Se espera que rija y acontezca sin importar de quién se trate, ni de los recursos que tengan unos y otros a la hora de reclamarla.
Pero en el día a día, toda esta aspiración confronta con una realidad tan, pero tan injusta, que aunque siga siendo la justicia uno de los valores más importantes, en Paraguay tenemos fehacientemente demostrado que las posibilidades de que tenga vigencia son directamente proporcionales a la situación de poder y/o de recursos económicos que se detente y se posea.
En estos días, el caso de la joven herida en el rostro por un muchacho que le arrojó una copa de vidrio dentro de un pub asunceno coloca también el tema de la justicia en el centro del debate.
Las opiniones en redes sociales sobre lo acontecido y sobre el responsable del hecho son, en un altísimo porcentaje, de condena hacia el joven que provocó la agresión, y de total duda respecto a que el procesamiento del mismo vaya a concluir en un acto de justicia, en el sentido de que se le aplique algún castigo por haber agredido a una persona y que, además, asuma un resarcimiento económico a favor de la víctima por los daños causados.

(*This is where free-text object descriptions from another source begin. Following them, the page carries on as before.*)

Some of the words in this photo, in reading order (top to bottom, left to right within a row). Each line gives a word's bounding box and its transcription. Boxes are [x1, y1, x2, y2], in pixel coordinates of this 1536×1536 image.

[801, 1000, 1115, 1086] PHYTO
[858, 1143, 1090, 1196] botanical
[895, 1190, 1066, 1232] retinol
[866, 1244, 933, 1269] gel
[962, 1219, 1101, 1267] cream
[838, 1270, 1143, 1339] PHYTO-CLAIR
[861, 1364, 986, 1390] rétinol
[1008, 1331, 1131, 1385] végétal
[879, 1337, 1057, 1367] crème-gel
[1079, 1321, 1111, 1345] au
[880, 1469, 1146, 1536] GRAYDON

La generalidad de la gente anhela que ocurra eso, porque es lo razonable –está establecido en la ley y es lo equitativo–, pero al mismo tiempo asume que, al tratarse del hijo de un empresario o por pertenecer a una familia de muchos recursos económicos, el muchacho que protagonizó el violento acto no sufrirá ninguna consecuencia por tal conducta criminal. Porque, en la práctica, algo que no debería ser siquiera una excepción se convirtió en la regla. Es lo que rige en el país.
El ciudadano tiene una noción de justicia correcta, pero ella colisiona con lo que en nombre de esta tiene lugar en el día a día. El propio sistema hace que sea así.

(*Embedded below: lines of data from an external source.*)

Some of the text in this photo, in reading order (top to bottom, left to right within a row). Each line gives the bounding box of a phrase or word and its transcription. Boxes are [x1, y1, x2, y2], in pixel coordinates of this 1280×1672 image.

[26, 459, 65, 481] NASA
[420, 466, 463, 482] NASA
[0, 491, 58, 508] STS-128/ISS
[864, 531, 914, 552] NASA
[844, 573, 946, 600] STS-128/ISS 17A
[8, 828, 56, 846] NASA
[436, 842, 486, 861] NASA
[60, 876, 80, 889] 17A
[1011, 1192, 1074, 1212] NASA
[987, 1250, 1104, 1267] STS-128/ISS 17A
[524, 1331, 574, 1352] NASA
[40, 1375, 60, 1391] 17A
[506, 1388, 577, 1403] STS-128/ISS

El Poder Judicial, que administra e imparte justicia, no infunde seguridad ni credibilidad y hasta ahora no se han visto cambios en él que intenten revertir la pésima y triste imagen que se tiene de la institución, de quienes la integran y operan. Ocurre lo mismo con el Ministerio Público, y ni hablemos de la Policía Nacional.
La idea de que uno lleva las de perder, en cualquier instancia en que se demanda justicia y de que se respete el derecho, está tan incorporada para la gran mayoría de la población que no reúne los recursos económicos ni cuenta con los contactos políticos para esperar manifestaciones de justicia.

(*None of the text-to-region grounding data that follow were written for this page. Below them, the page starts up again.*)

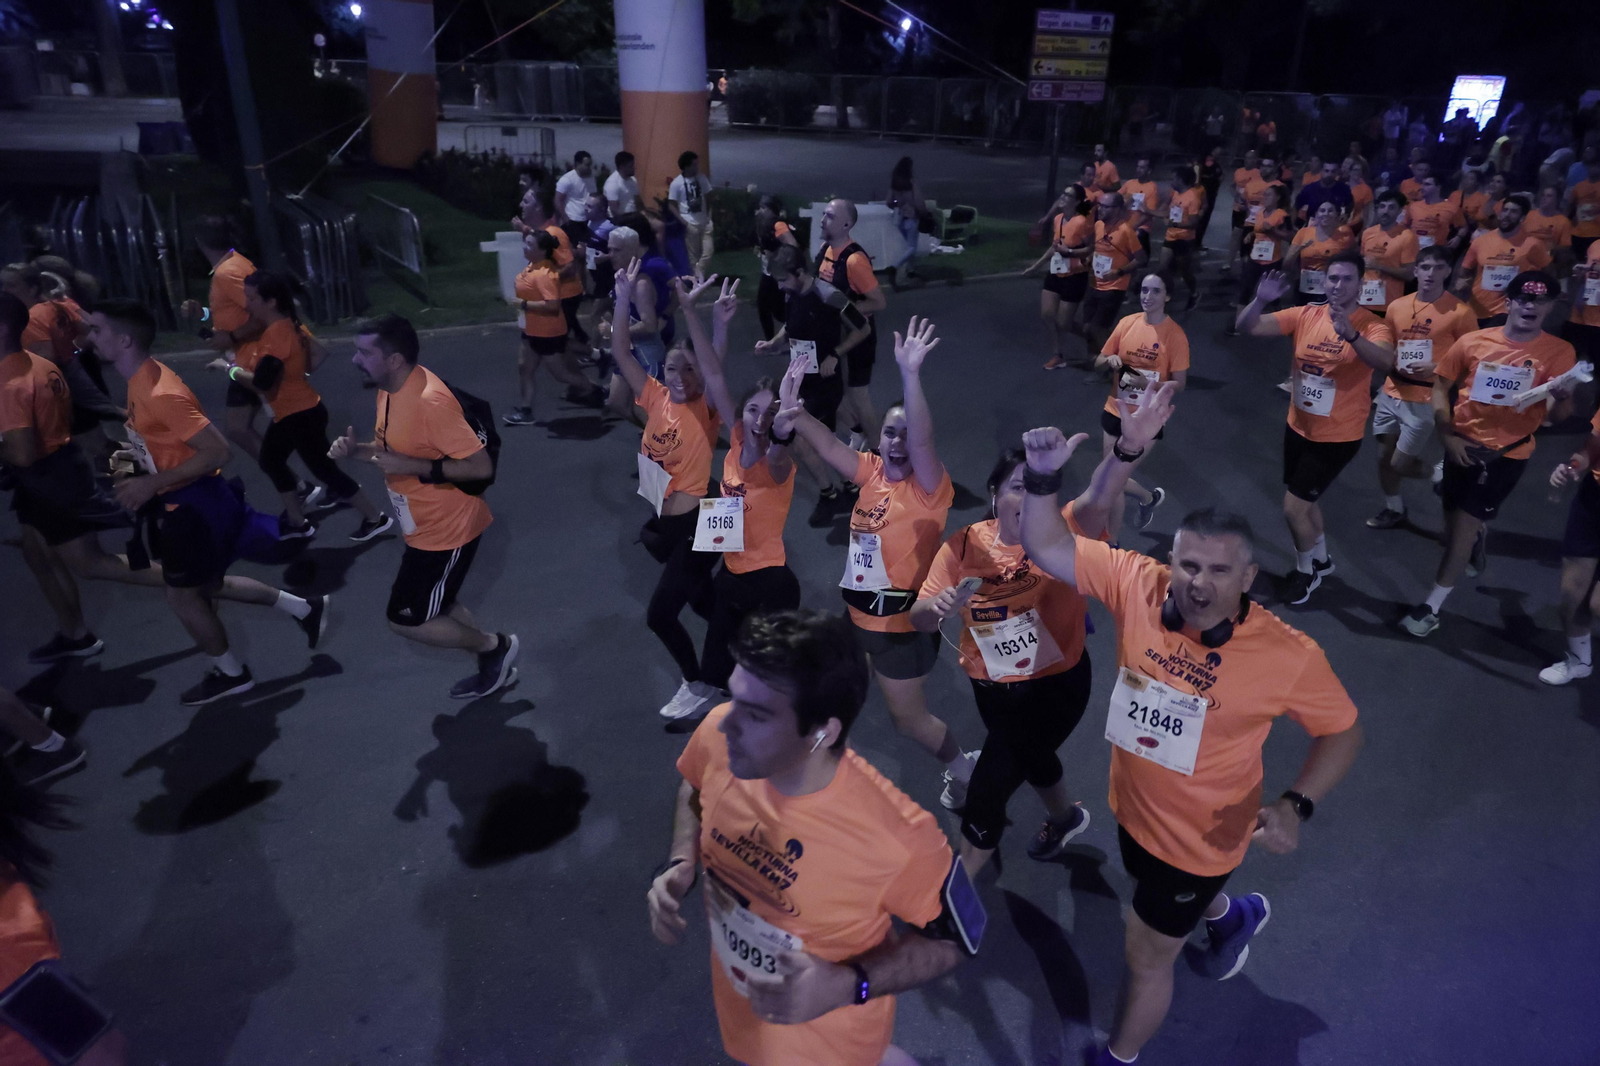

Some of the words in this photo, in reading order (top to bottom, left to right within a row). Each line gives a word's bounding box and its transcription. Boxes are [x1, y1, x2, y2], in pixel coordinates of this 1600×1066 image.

[1401, 351, 1424, 360] 20549
[1486, 377, 1521, 391] 20502
[707, 516, 734, 529] 15168
[853, 553, 873, 568] 14702
[994, 632, 1038, 657] 15314
[1145, 648, 1184, 679] SEVILLA
[1168, 653, 1218, 684] NOCTURNA
[1127, 701, 1183, 737] 21848
[710, 827, 760, 871] SEVILLA
[738, 835, 799, 882] NOCTURNA
[722, 923, 776, 974] 19993
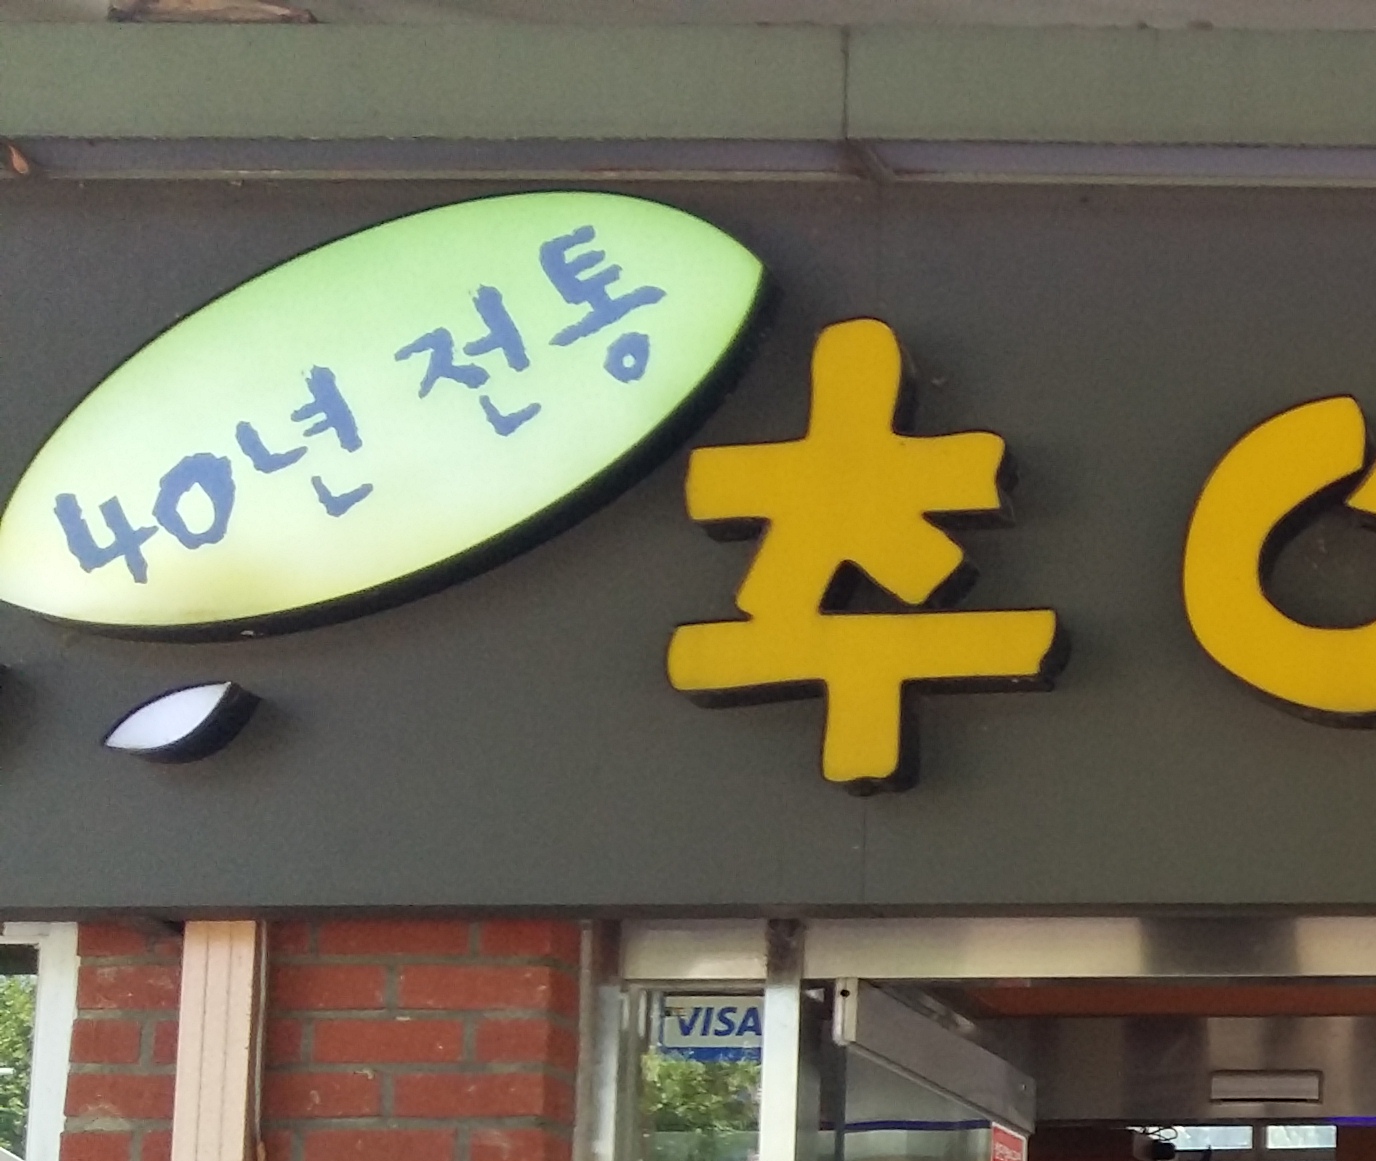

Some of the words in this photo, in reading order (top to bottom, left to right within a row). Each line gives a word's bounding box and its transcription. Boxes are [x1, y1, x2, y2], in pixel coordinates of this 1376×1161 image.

[53, 365, 373, 584] 40년
[393, 224, 666, 437] 전통
[678, 1006, 763, 1037] VISA

En la cotidianidad de quienes deberían garantizar y procurar justicia, esta pasó a ser una mercancía. Un valor de altísimo precio y privativo de ciertos sectores privilegiados de la sociedad. Entiéndase dirigentes políticos, narcotraficantes en todas sus expresiones (narcoganadero, narcopastor, narcoempresario, etc., etc.), nuevos ricos, funcionarios deshonestos, y una reducida pero poderosa casta que cree poder arrasar con todo y regirse por sus propias reglas, por encima de las leyes de la nación y de los demás ciudadanos.
A quienes no pertenecen a estos sectores simplemente les queda padecer el sistema y esperar lo que hasta ahora parece irremediable, y es que la justicia no llegará sino para el mejor postor. El resto de los mortales debe prepararse para sufrir y decepcionarse una y otra vez al comprobar cuánto han prostituido todo. Incluyendo el derecho a un proceso justo, en igualdad de oportunidades, que no implique arreglos debajo de la mesa en cada fase e institución que intervenga como auxiliar de justicia. O la garantía de que la balanza no se inclinará hacia el que más billetes arrime o pretenda imponerse por el cargo que ocupa o el patrimonio que posee, sin importarle que, de ese modo, lo que se produce y legitima es pura injusticia. La que tiene lugar con demasiada facilidad en Paraguay.